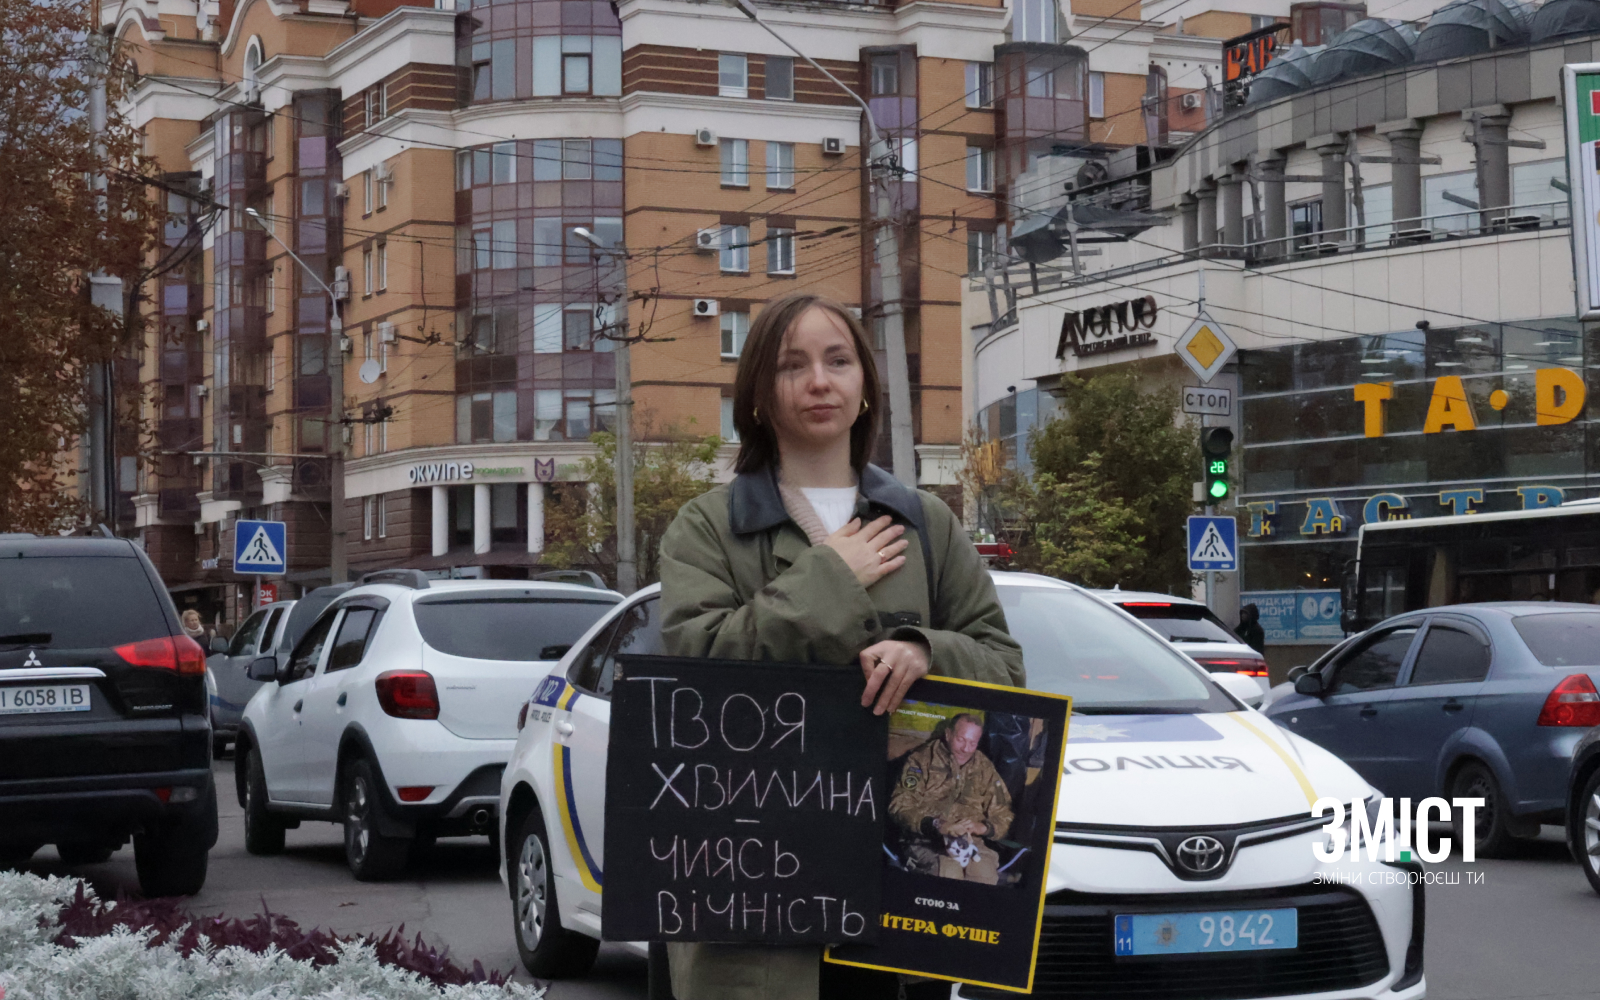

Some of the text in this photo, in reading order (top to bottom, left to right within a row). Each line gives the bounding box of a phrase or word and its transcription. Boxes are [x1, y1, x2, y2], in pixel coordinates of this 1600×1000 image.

[1185, 393, 1228, 408] СТОП
[1210, 461, 1225, 473] 28
[1259, 606, 1295, 616] МОНТ
[1264, 629, 1296, 638] РОКС
[14, 688, 57, 706] 6058
[63, 688, 84, 705] IB
[626, 677, 805, 753] ТВОЯ
[650, 763, 876, 820] ХВИЛИНА
[650, 835, 799, 881] ЧИЯСЬ
[915, 896, 960, 911] СТОЮ ЗА
[880, 912, 1000, 945] ІТЕРА ФУШЕ
[1118, 914, 1274, 951] 11 9842
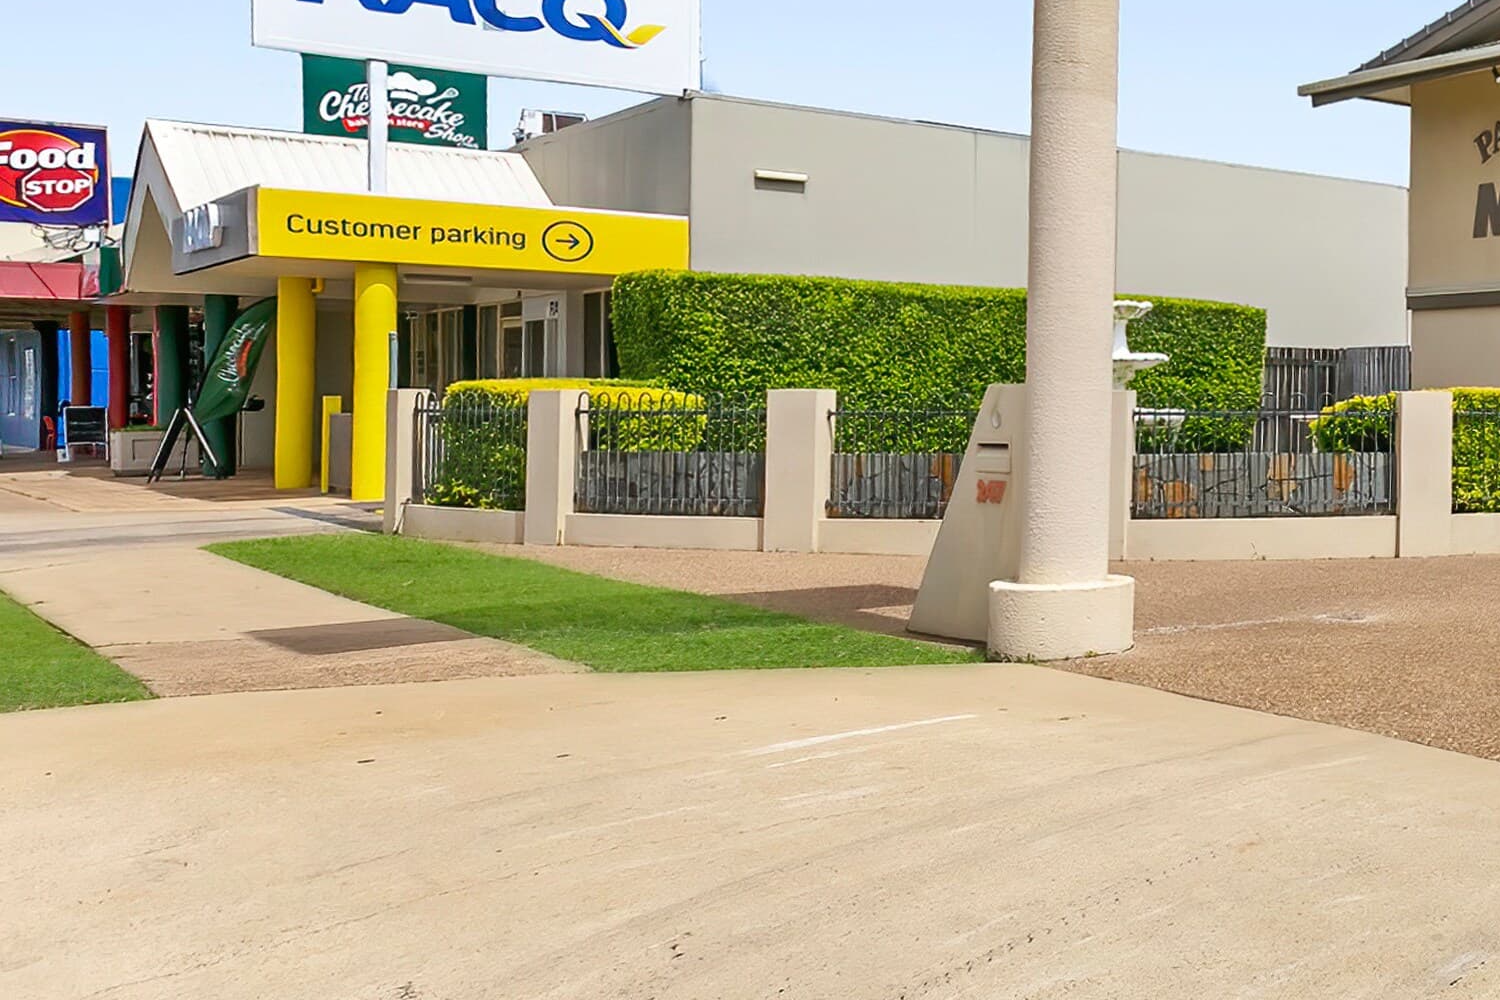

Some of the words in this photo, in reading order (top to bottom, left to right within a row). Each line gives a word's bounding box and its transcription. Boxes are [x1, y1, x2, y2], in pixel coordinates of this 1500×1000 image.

[348, 82, 369, 102] Th
[319, 90, 465, 127] Chesecake
[423, 123, 475, 147] Shop
[25, 179, 92, 197] STOP
[286, 213, 422, 240] Customer
[430, 226, 527, 250] parking
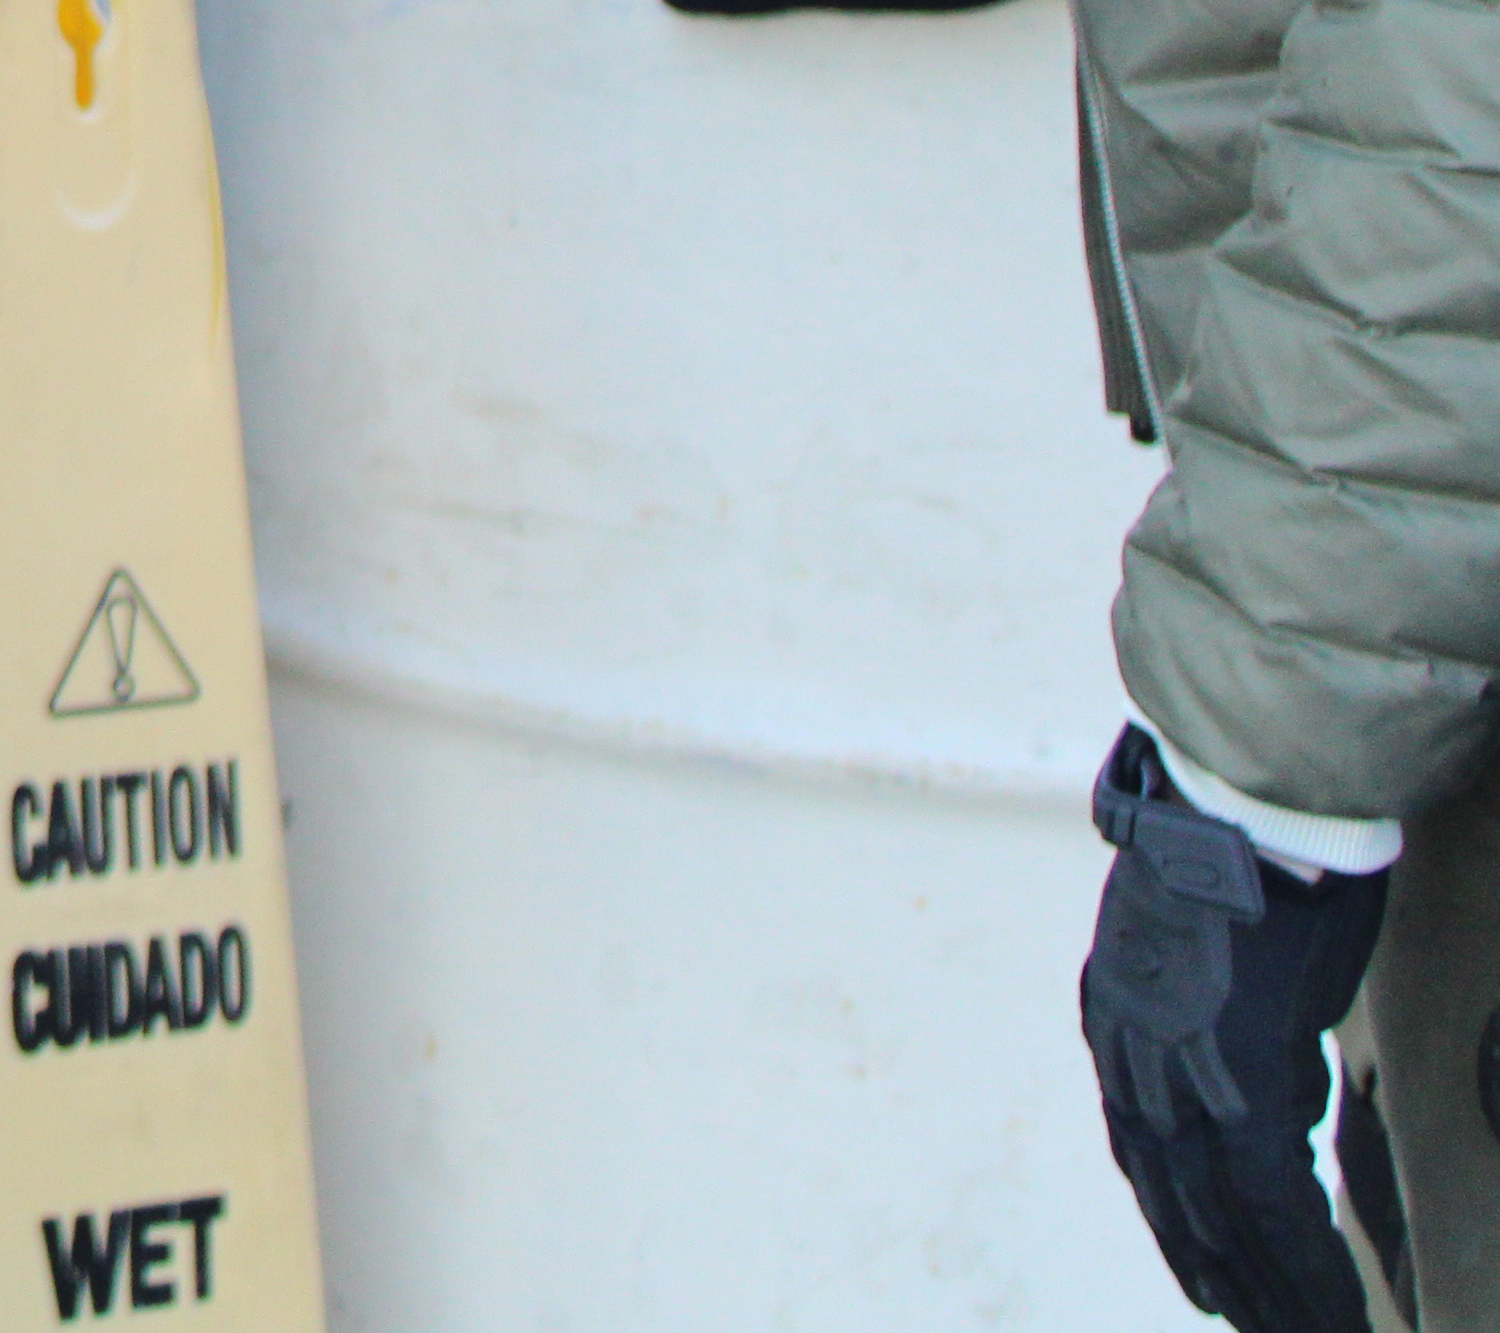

★ ★ ★ ★ ★

● **YOUR TASK**:
All the records need to be printed again exactly as written, though without their pictures.

● **WRITTEN RESPONSE**:
Some of the text in this photo, in reading order (top to bottom, left to right within a row). Each line gives the bounding box of a phrase or word and its transcription. Boxes are [x1, y1, x2, y2], in pixel coordinates of this 1600×1000 image.

[1185, 393, 1228, 408] СТОП
[1210, 461, 1225, 473] 28
[1259, 606, 1295, 616] МОНТ
[1264, 629, 1296, 638] РОКС
[14, 688, 57, 706] 6058
[63, 688, 84, 705] IB
[626, 677, 805, 753] ТВОЯ
[650, 763, 876, 820] ХВИЛИНА
[650, 835, 799, 881] ЧИЯСЬ
[915, 896, 960, 911] СТОЮ ЗА
[880, 912, 1000, 945] ІТЕРА ФУШЕ
[1118, 914, 1274, 951] 11 9842

Some of the words in this photo, in reading order (top to bottom, left to right within a row). Each line gives a word's bounding box and its transcription. Boxes are [x1, y1, x2, y2], in pixel coordinates of this 1500×1000 image.

[348, 82, 369, 102] Th
[319, 90, 465, 127] Chesecake
[423, 123, 475, 147] Shop
[25, 179, 92, 197] STOP
[286, 213, 422, 240] Customer
[430, 226, 527, 250] parking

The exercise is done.